Так прошла ночь – в тревожном ожидании и безмолвных разговорах с духами. А за стенами хижины жизнь в поселении продолжала свой извечный танец, готовясь к неведомому, что принесёт новый рассвет.


Утро ворвалось в сознание Рола пронзительными женскими криками, разносившимися по всему поселению Та-Ку-Ри. Он с трудом разлепил веки, чувствуя, как тяжесть вчерашних событий стягивает его тело подобно сыромятным ремням. Голова гудела, словно в ней поселилось целое гнездо лесных шершней, но настойчивые звуки ссоры безжалостно вырывали его из объятий спасительного забытья.

Издав тихий стон, Рол поднялся с ложа, устланного мягкими шкурами волков и оленей. Его могучее тело, покрытое паутиной шрамов – живой летописью прошлых сражений – напряглось, готовое встретить новые испытания.
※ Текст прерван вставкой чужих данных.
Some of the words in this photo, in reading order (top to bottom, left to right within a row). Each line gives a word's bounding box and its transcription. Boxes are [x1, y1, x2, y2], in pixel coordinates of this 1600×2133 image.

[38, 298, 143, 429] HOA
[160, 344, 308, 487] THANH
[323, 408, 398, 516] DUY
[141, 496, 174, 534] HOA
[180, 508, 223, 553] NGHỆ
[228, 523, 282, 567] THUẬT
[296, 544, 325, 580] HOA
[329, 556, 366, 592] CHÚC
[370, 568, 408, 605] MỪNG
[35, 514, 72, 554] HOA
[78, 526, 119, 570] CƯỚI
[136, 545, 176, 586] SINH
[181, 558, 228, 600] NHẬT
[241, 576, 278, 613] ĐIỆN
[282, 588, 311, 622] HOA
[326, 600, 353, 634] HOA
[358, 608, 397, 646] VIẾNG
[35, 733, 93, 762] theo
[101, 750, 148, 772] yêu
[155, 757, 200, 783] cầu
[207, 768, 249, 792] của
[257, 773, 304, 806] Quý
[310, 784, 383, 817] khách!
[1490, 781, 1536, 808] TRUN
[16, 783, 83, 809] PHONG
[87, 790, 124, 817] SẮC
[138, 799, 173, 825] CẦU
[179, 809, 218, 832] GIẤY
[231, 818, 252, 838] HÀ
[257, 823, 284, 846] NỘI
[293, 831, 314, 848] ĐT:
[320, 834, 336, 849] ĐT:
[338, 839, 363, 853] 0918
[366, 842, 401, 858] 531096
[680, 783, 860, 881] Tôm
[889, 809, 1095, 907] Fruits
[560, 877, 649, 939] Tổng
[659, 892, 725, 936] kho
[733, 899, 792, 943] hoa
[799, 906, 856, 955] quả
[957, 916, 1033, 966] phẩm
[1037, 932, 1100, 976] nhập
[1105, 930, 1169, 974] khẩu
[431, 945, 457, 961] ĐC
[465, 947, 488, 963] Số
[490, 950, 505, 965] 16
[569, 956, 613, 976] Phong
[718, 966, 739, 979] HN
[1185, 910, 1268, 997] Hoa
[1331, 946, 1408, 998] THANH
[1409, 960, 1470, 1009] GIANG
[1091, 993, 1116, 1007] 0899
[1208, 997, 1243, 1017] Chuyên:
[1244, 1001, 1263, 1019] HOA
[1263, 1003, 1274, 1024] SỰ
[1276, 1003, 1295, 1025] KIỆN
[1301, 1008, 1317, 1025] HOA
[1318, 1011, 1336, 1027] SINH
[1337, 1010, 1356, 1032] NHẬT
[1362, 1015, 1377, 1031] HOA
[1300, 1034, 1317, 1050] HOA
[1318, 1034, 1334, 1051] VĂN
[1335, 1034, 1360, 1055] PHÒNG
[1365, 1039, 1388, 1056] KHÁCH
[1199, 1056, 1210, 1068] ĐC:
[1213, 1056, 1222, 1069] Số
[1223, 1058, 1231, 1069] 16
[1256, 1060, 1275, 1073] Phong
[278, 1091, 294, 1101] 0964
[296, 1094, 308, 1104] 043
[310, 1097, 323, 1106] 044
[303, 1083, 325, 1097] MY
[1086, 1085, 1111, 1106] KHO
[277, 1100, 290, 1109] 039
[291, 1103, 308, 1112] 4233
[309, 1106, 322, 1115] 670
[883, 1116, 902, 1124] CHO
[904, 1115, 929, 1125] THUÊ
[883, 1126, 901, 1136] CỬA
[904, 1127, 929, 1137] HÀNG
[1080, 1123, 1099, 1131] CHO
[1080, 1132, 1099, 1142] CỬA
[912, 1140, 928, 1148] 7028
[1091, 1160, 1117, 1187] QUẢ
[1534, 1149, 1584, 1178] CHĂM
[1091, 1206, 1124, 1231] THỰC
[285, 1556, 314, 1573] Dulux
Грубыми пальцами он пригладил спутанные за ночь волосы и, прищурившись от резкого света, вышел из хижины навстречу ослепительному утреннему солнцу.

Глаза Рола, привыкшие к полумраку жилища, не сразу различили происходящее. Он прикрыл их широкой ладонью, пытаясь разглядеть источник шума. Вскоре его взгляд сфокусировался на большой деревянной клетке на краю поселения. Внутри неё стояла она – Айла, новая пленница из южного племени Та-Ну-Ри.

Молодая женщина, едва прикрытая лёгкими одеждами из выделанной кожи, вцепилась тонкими пальцами в прутья клетки. Её лицо, обрамлённое каскадом чёрных как ночь волос, исказила маска ярости. Глаза, тёмные и глубокие, метали молнии в сторону женщин племени Та-Ку-Ри, проходивших мимо.

Рол невольно замер, пленённый дикой красотой пленницы, несмотря на клокочущий в нём гнев. Её стройное, гибкое тело украшали замысловатые татуировки в виде языков пламени, извивающихся по смуглой коже. Эти рисунки, казалось, обретали жизнь с каждым её движением, создавая иллюзию настоящего огня, танцующего по телу. Длинные угольно-чёрные волосы рассыпались по плечам, подчёркивая хрупкость и одновременно несгибаемую силу их обладательницы.

Глядя на неё сейчас, Рол с трудом узнавал в этой гордой, пышущей яростью женщине ту испуганную девочку, которую он захватил в плен всего несколько дней назад. Тогда она дрожала, как осиновый лист на ветру, готовая на всё ради спасения своей жизни. Теперь же перед ним стояла истинная дочь племени Огня – непокорная и опасная, как пламя лесного пожара.

– Женщины грязь! – кричала Айла, её голос дрожал от переполнявшего её гнева. – Зачем смотреть на Айла? Айла не зверь лесной! Уходить! Делать работа своя!

Женщины племени Та-Ку-Ри, собиравшие неподалёку съедобные коренья для утренней трапезы, с изумлением и нескрываемым возмущением разглядывали пленницу. Одна из них покачала головой и с презрением сплюнула на землю:

– Огонь-девка шуметь много! – проскрипела она, тяжело опираясь на суковатую палку. – Благодарить должна, что еда давать ты! Ты племя теперь черви кормить в земля!


Тяжёлая тишина повисла над стоянкой племени Та-Ку-Ри. Солнечные лучи, пробивающиеся сквозь густые кроны деревьев, расчерчивали землю причудливыми узорами света и тени. Запах дыма от костров смешивался с терпким ароматом свежевыделанных шкур и сушёных трав.

При упоминании погибших соплеменников Айла вздрогнула всем телом, словно невидимый кулак ударил её прямо в грудь. В её ночных глазах на мгновение мелькнула неприкрытая боль – глубокая и всепоглощающая, словно бездонная пропасть. Но уже в следующий миг девушка с южного племени взяла себя в руки. Её изящное лицо, обрамлённое спутанными чёрными волосами, исказилось в гримасе презрения. Она отвернулась от женщин племени Та-Ку-Ри, всем своим видом показывая, что не желает больше разговаривать с «дикарками».